Membros da bancada evangélica da Câmara afirmam estar "contempladíssimos" pela escolha do colombiano Ricardo Vélez Rodriguez para o Ministério da Educação.

"Nós estamos contempladíssimos com a escolha", afirmou à Folha de S.Paulo o deputado Sóstenes Cavalcante (DEM-RJ), um dos aliados próximos do presidente eleito Jair Bolsonaro (PSL).

A opinião é ratificada pelo presidente da frente parlamentar evangélica, Takayama (PSC-PR). "Se fosse para dar uma nota de zero a cem para o Bolsonaro, daríamos cem", disse.

Eles negaram que a frente preferisse o nome do procurador evangélico Guilherme Schelb, que foi ventilado nesta quinta-feira (22) como uma possibilidade, após a bancada vetar a nomeação de Mozart Ramos, diretor do Instituto Ayrton Senna. "Nós não fizemos nenhuma indicação. Nós temos uma relação próxima com o Schelb porque ele é evangélico, mas se ele agrada, o Vélez agrada também", afirmou Sóstenes.

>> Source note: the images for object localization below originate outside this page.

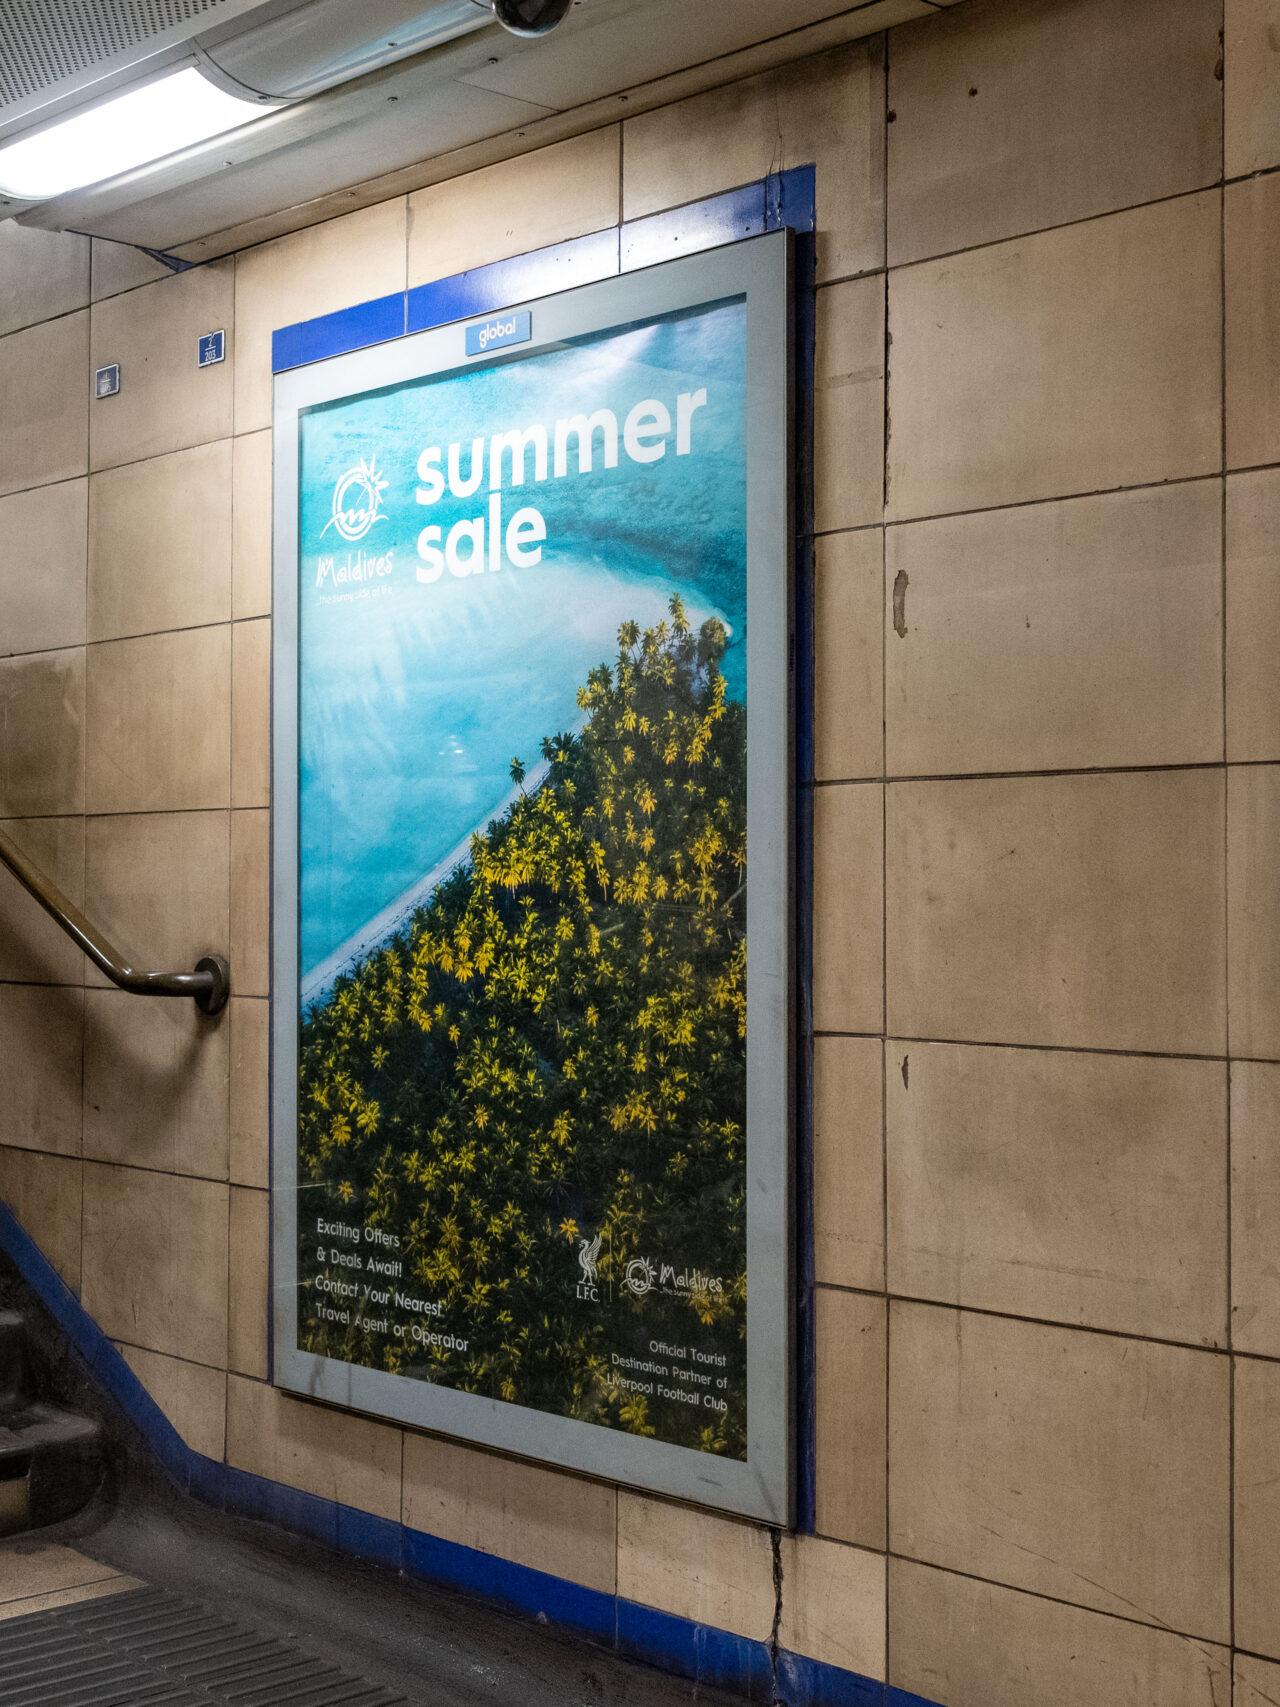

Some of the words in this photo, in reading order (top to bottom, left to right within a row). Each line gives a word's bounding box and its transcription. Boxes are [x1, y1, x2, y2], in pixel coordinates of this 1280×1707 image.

[479, 316, 516, 348] global
[416, 388, 707, 506] summer
[416, 492, 547, 584] sale
[315, 550, 393, 588] Maldives
[317, 1218, 360, 1243] Exciting
[365, 1227, 400, 1247] Offers
[316, 1247, 326, 1262] &
[331, 1249, 362, 1269] Deals
[366, 1256, 402, 1278] Await!
[660, 1263, 723, 1293] Maldives
[315, 1275, 358, 1297] Contact
[363, 1284, 390, 1304] Your
[395, 1292, 442, 1316] Nearest
[315, 1303, 350, 1325] Travel
[354, 1315, 389, 1334] Agent
[393, 1324, 407, 1337] or
[411, 1325, 470, 1352] Operator
[611, 1353, 668, 1376] Destination
[672, 1366, 712, 1385] Partner
[716, 1377, 728, 1389] of
[649, 1340, 686, 1359] Official
[690, 1348, 727, 1367] Tourist
[606, 1372, 653, 1394] Liverpool
[658, 1384, 699, 1405] Football
[703, 1395, 728, 1411] Club

De acordo com Takayama, o veto da bancada, uma das bases de sustentação de Bolsonaro na Câmara e que tem como uma de suas pautas centrais a defesa do projeto "Escola Sem Partido", o veto ao nome de Mozart se deu por questão de valores. "Nós não temos nada contra ele, acho que é uma pessoa tecnicamente preparada, mas é uma questão dos valores que nós queremos para o Brasil", disse.

Mozart é tido como moderado entre funcionários do ministério, mas para os evangélicos não seria alinhado com o Escola sem Partido.

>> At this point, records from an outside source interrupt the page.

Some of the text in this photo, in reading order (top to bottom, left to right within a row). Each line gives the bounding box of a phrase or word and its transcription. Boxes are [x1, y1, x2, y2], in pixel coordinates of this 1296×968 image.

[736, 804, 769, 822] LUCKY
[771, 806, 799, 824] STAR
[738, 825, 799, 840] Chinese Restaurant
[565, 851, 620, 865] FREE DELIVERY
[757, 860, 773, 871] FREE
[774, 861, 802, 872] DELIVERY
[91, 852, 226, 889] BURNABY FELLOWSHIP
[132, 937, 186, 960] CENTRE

De acordo com o presidente da comissão que analisa o projeto na Câmara, Marcos Rogério (DEM-RO), o nome de Vélez pegou integrantes da bancada de surpresa. Ele diz, no entanto, que acredita que ele seja alinhado com Bolsonaro e, portanto, com o texto do Escola Sem Partido.

"O MEC até aqui sempre teve linha contra o Escola Sem Partido, mas estamos passando por uma mudança de governo e os ministérios devem se alinhar ao governo. Você não pode ter um presidente que tem uma linha e ministros que têm outra", afirmou.

Indicado como ministro da Educação, Rodríguez é formado em filosofia pela Universidade Pontifícia Javeriana e em teologia pelo Seminário Conciliar de Bogotá. Hoje é professor associado da Universidade Federal de Juiz de Fora (MG). Nascido em 1943, ele é autor de livros como "A Grande Mentira - Lula e o Patrimonialismo Petista" (Vide Editorial).